Reporter's Notebook


by John Biewen

The proposition: To team up with a print journalist and make radio out of his reporting on surveillance technologies, national security and privacy. Robert O'Harrow was still very much in the middle of his own explorations, so I joined him on a sort of quest to understand some major but little understood changes in our country after the September 11 terror attacks. The result: A fascinating journey inside the nation's new surveillance society. Along the way, the two of us discovered and rediscovered a shared set of questions and conclusions.

Robert O'Harrow, Jr. and John Biewen

Bob O'Harrow is a distinguished Washington Post Reporter on a year's leave to write his book, No Place to Hide. The Center for Investigative Reporting brought Bob together with ARW to make a companion radio documentary. My own dawning understanding of the world Bob was exploring makes a pretty good metaphor for the topic itself. From a thousand dizzying and seemingly disconnected data points, a rather simple but disturbing picture eventually emerged.
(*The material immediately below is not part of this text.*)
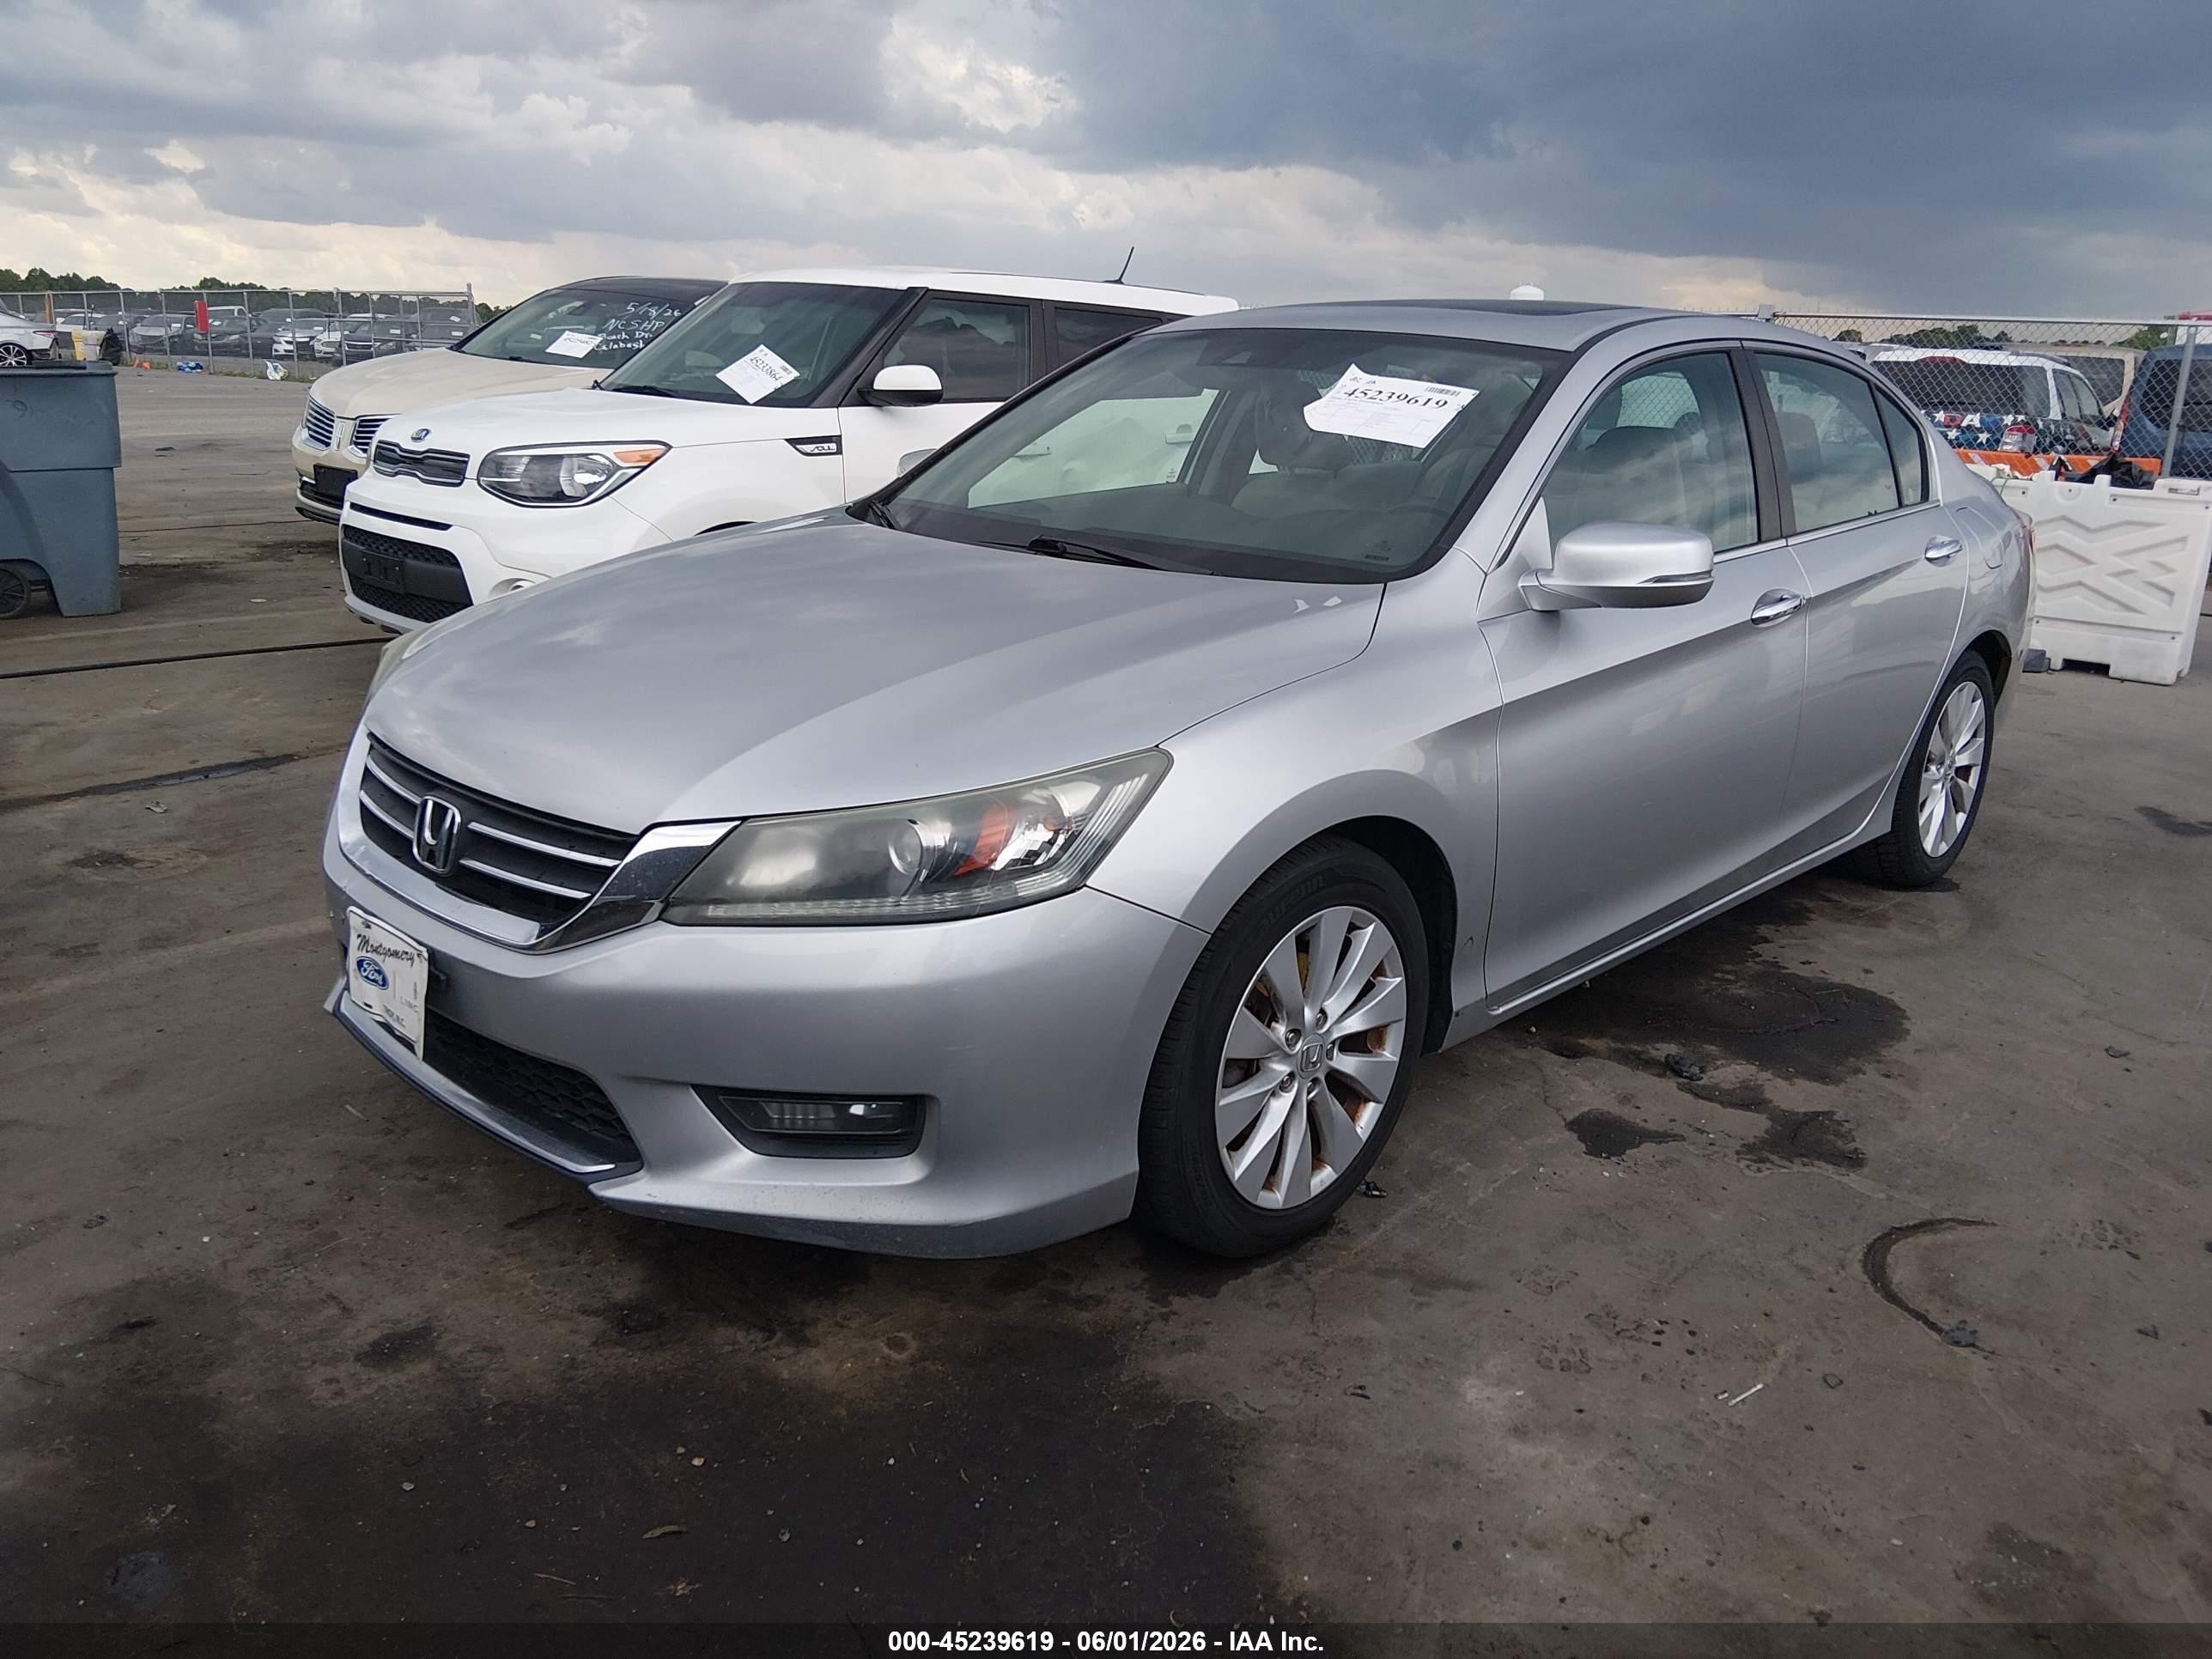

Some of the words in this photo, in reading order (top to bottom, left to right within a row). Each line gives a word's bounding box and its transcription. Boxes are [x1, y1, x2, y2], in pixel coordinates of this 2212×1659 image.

Bob began educating me about data companies I'd never heard of - companies with forgettable names like ChoicePoint, Acxiom, and Seisint. We explored the world of biometrics: face-recognition and electronic fingerprinting, and efforts to identify you and me from the mass of humanity by our unique ways of walking. I read Bob's draft chapters about the credit bureaus and identity theft, and also about the swift passage of the Patriot Act after 9/11. I gradually learned to distinguish among the various colorful geniuses who'd invented these technologies and headed these shadowy companies.

For a time I was lost among the trees. But as we talked after long days of reporting, we tried ways of telling a simpler story, of capturing the larger meaning in all this information, the many amazing changes taking place. As a mental exercise, one day in early 2004 I sat down and dashed off a note to myself in the form of a hypothetical scenario:

What if, a few years ago, the president had given a major address to the nation and said:

We face grave threats from abroad, and at home. Millions of people around the world hate America and want to destroy us. Without doubt, some of those people are living on our soil.

To respond to this threat, I've asked Congress to create a new Department of Surveillance. Employing tens of thousands of workers across the country, this new department will gather information on all Americans and all foreigners living in America. It will monitor many of your movements and purchases, your medical records, your associations, your reading and travel habits, and much more. The Department will create powerful computer programs that will allow authorities to find patterns in the behavior of each and every American, so we may identify those among us who behave suspiciously and require greater scrutiny.

I pledge that by 2005, law enforcement officials anywhere in America will be able to enter your name into a computer, and in seconds receive a detailed dossier on you. This data will also be used to rate the likelihood that any person living in America will commit crimes or acts of terrorism. (Most of the data gathered by the Surveillance Department will also be available to businesses and members of the public at a reasonable charge.)

The aim is simple: personal and national security. Our surveillance society will be a safer society.

Would Americans have consented? Even after 9/11, would we consciously agree to have our heretofore-private information gathered and shared in this way if the choice were presented to us plainly?

The above speech was never given, of course. But as I came to understand during my journalistic quest with Bob, the society described by this imaginary president is rapidly coming to pass. The stand-in for the Surveillance Department? Companies like ChoicePoint, Acxiom, Seisint, and Lexis-Nexis working closely with the FBI, NSA, CIA and other national security and law enforcement agencies. Most of these companies don't make much effort to tell the world exactly what they do. And because they are not government agencies, they're largely unaccountable to the public. So far, a full-fledged national debate that would have followed such a presidential address has not happened. The surveillance society is becoming a matter of fact without most Americans understanding it or having any say in the matter.

The threat of terrorism is real. It would be too simple and even foolish to simply ban the use of information technologies by law enforcement and national security agencies. But we need a vigorous debate about where to draw the lines, one that addresses the potential costs of these changes. How do we prevent wrongful monitoring and mistaken prosecutions based on the use of data-mining tools? Who's accountable?

The majority of us (perhaps those of us, for example, without Muslim-sounding names) aren't likely to have an FBI agent show up at our door. Still, we all have a stake in the debate. To quote Robert O'Harrow from No Place to Hide, the book:

"Surveillance comes with a price. It dulls the edge of public debate, imposes a sense of conformity and introduces the uneasy feeling of being watched. It chills culture and stifles dissent. ... The new legal authorities and the government's partnership with private information companies now pose a direct threat to this three-decade-old effort toward openness. ... Their capabilities have raced far ahead of the nation's understanding and laws. The legacy of these efforts will be with us for many years."